# WICHTIG! Erneutes The Elder Scrolls Online Beta Wochenende - UPDATE 05.02.14



## Vaykir (9. Januar 2014)

*UPDATE 05.02.14*
Am heutigen Tage (0:02 Uhr) gab es erneut eine Email von Bethesda, die zu einer weiteren Runde TESO einlädt. Wer bereits am letzten Beta Test teilgenommen hat, kann seinen Char weiter spielen.
Start ist Freitag um 18:00 Uhr MEZ, also 19:00 Uhr bei uns (denn wir sind MEZ+1). Der Test geht bis Dienstag 5:59 Uhr, also 6:59 Uhr bei uns.
Schwerpunkt ist wieder ein Stressbelastungstet der Server, der am Samstag um 18:00 Uhr aufgerufen wurde.

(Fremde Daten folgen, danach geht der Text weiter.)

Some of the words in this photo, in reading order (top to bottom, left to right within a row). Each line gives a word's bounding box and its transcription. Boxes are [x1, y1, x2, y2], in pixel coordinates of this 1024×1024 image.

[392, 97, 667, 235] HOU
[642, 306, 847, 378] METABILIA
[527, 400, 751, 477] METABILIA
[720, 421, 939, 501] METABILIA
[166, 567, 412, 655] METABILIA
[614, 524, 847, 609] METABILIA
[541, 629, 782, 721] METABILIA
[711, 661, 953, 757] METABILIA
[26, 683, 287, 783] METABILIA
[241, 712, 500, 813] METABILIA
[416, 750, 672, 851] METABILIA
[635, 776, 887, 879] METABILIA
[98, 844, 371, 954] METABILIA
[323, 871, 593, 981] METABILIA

Weitere Infos siehe folgende Mail:




			Dieser Inhalt steht nur eingeloggten Mitgliedern zur Verfügung.
        





ALTE NEWS ab hier:


Spoiler



Falls es einige von Euch noch nicht mitbekommen haben:
Am morgigen Freitag ab 24 Uhr unserer Zeit (6 pm EST) findet ein Stresstest zur TESO Beta statt. Dieser dauert bis 6 Uhr morgens am kommenden Montag.
Mir ist aufgefallen, dass bei vielen Leuten die Email mit der Einladung im Spamordner landet (bei mir ebenfalls), deswegen weise ich hiermit darauf hin: schaut in euren Spamordnern nach!

Da es ein Stresstest ist gibt es sehr viele Einladungen und der Beta Key gilt auch nur für diesen Zeitraum. Versucht euch am Freitag so früh wie möglich einzuloggen, denn die Server werden vermutlich aus allen Nähten platzen und es wird lange Warteschlangen geben.

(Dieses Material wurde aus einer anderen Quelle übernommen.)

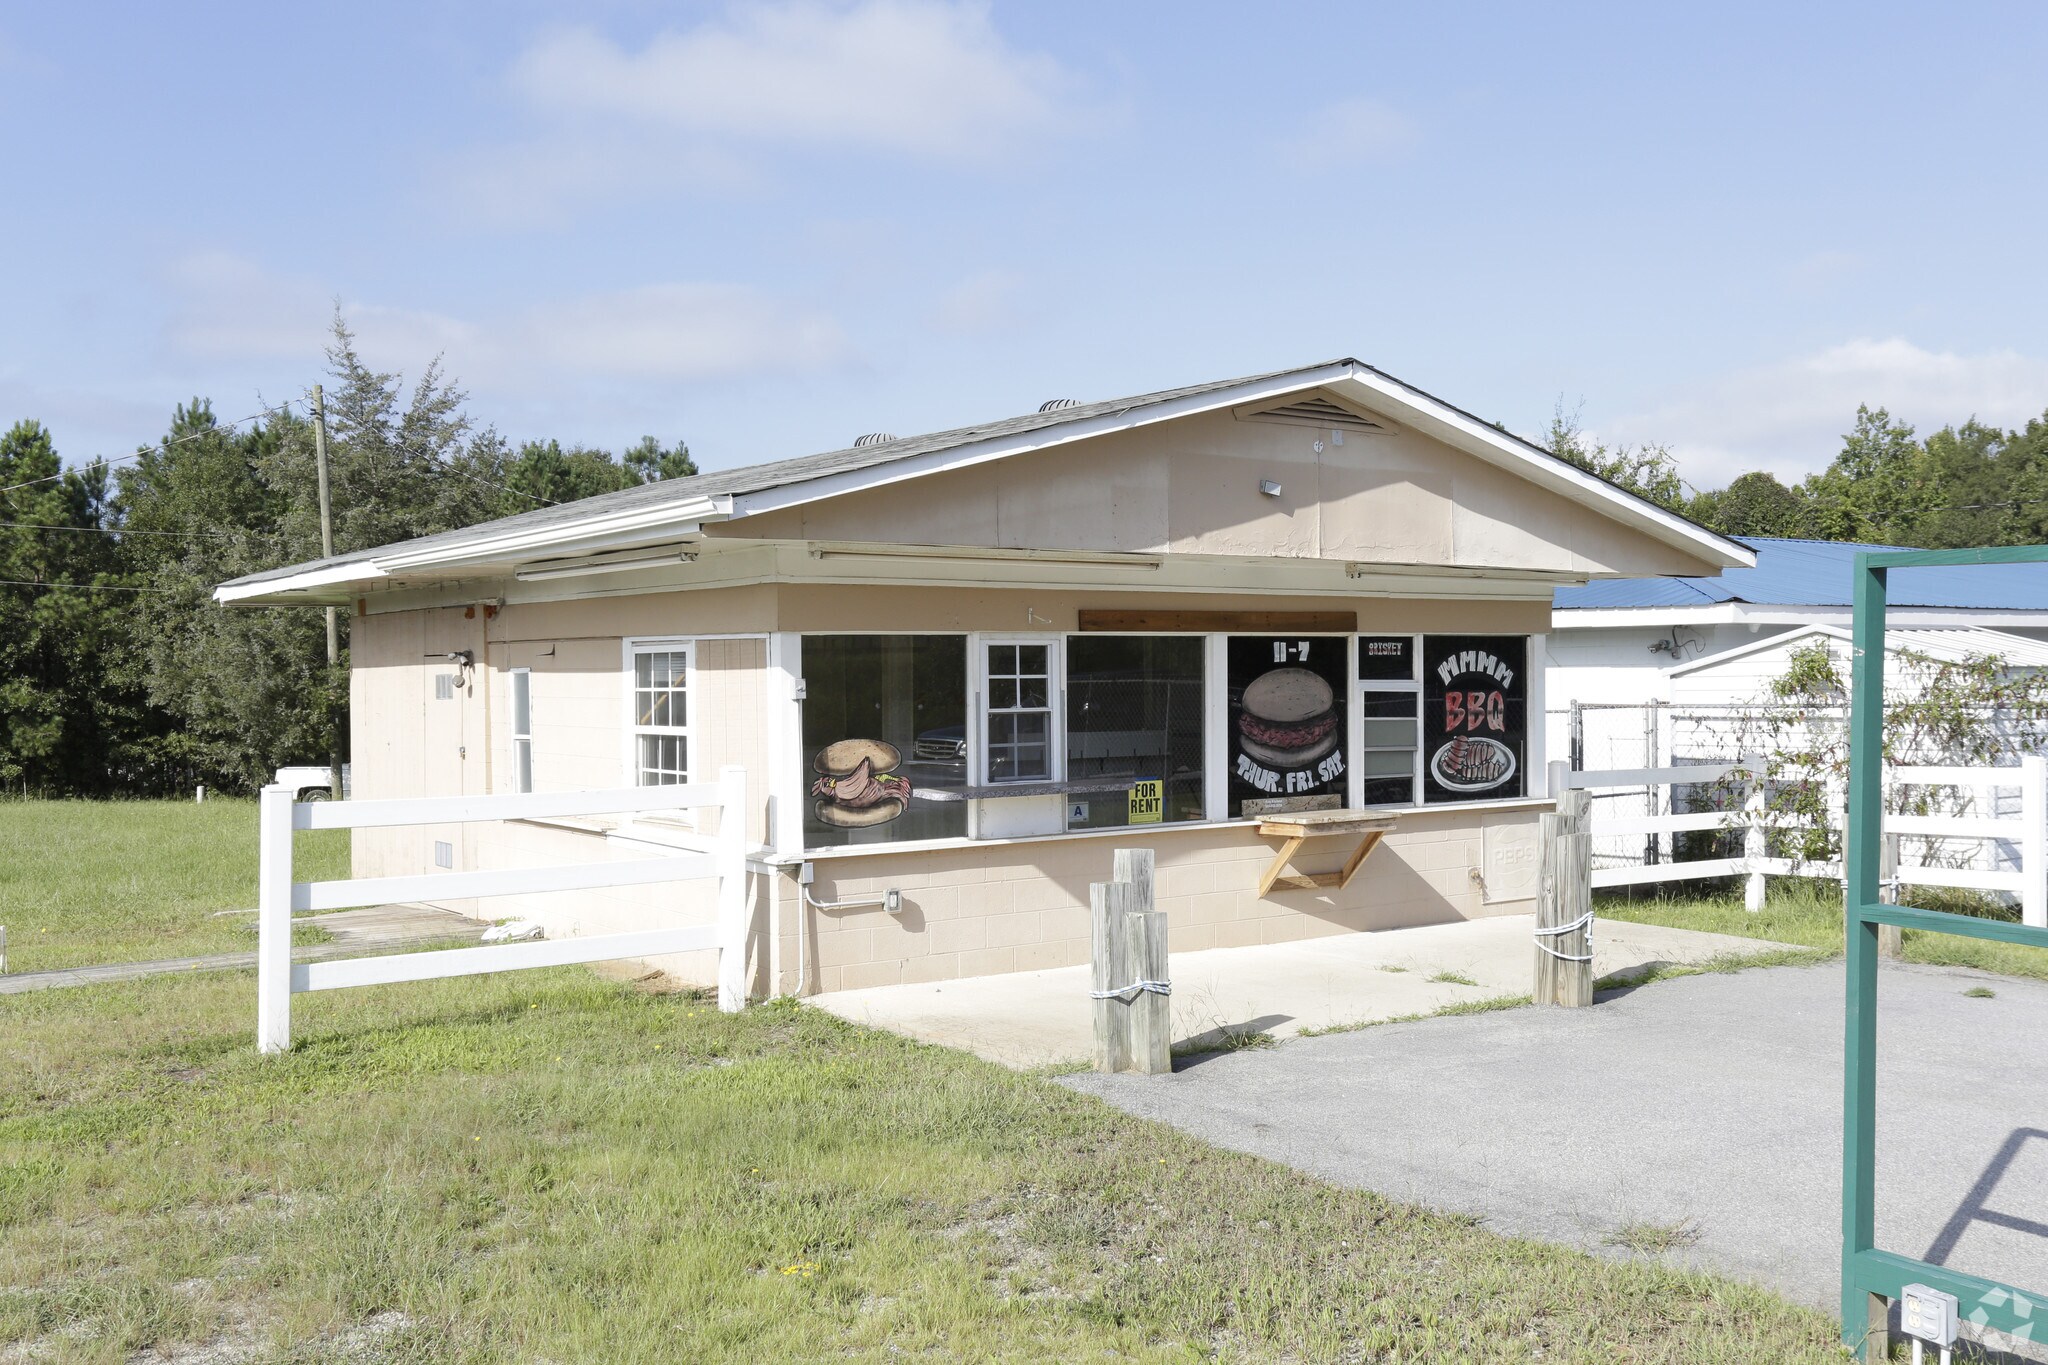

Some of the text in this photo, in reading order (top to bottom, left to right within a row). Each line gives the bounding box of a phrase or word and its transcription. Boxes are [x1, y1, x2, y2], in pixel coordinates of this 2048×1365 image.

[1368, 642, 1402, 656] BRISKET
[1437, 650, 1514, 689] MMMM
[1445, 691, 1505, 732] BBQ
[1286, 770, 1320, 793] FRI.
[1134, 783, 1156, 798] FOR
[1074, 805, 1083, 816] A
[1131, 798, 1160, 813] RENT

Wir sehen uns in der Welt von Warc.... ach ne, Tamriel XD

Inhalt der Mail sieht so aus:



			Dieser Inhalt steht nur eingeloggten Mitgliedern zur Verfügung.


----------



## Bec00l (9. Januar 2014)

*AW: The Elder Scrolls Online Beta Wochenende 10.01 bis 12.01*

Perfekt  Danke für die News. 
Hoffe nur das sie nicht schon gelöscht ist die E-Mail :/


----------



## xxRathalos (9. Januar 2014)

*AW: The Elder Scrolls Online Beta Wochenende - Inviteemail im SPAMORDNER!*

Habe vielleicht     einen Key bekommen, die Zeiten finde ich aber extrem ******* für die Europäischen Spieler, da wurde wohl keine Rücksicht genommen.
Sieht man schon den ersten Nachteil des Megaserver Projekts. Ist zwar kein Weltuntergang aber doch ärgerlich.

mfg Ratha

Edit:


> Da es ein Stresstest ist gibt es sehr viele Einladungen und der Beta Key gilt auch nur für diesen Zeitraum.

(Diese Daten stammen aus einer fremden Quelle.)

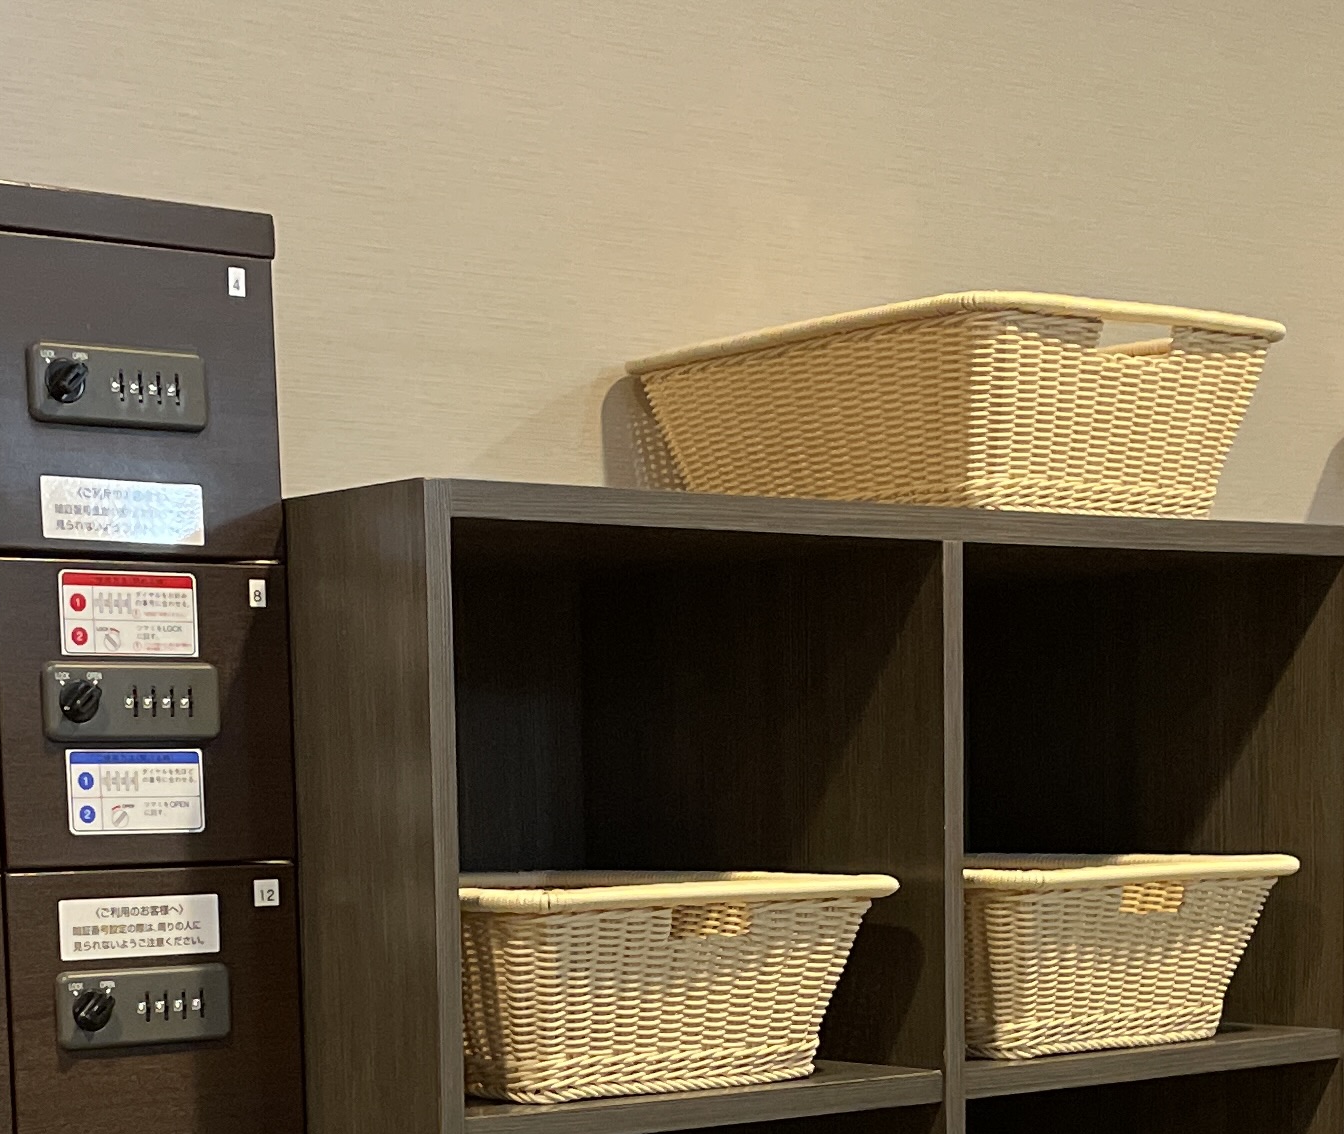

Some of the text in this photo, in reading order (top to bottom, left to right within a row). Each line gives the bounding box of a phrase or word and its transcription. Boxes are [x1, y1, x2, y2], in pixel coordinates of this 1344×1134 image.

[232, 279, 240, 291] 4
[254, 589, 262, 602] 8
[260, 889, 275, 902] 12

Woher hasst du diese Information?


----------



## Bennz (9. Januar 2014)

*AW: The Elder Scrolls Online Beta Wochenende - Inviteemail im SPAMORDNER!*

nur bis Sonntag 6uhr


----------



## ABQuestion (9. Januar 2014)

*AW: The Elder Scrolls Online Beta Wochenende - Inviteemail im SPAMORDNER!*

Hey,

Ich hoffe der Betatest läuft und wünsche allen Glücklichen die einen Key bekommen haben viel Spaß.
Aber ich möchte nur einmal bemerken, dass alle die ein Account erstellt haben, auch einem NDA zugestimmt und keinerlei Informationen zu dieser Beta rausgeben dürfen.( Auch nicht das sie einen Betakey bekommen haben)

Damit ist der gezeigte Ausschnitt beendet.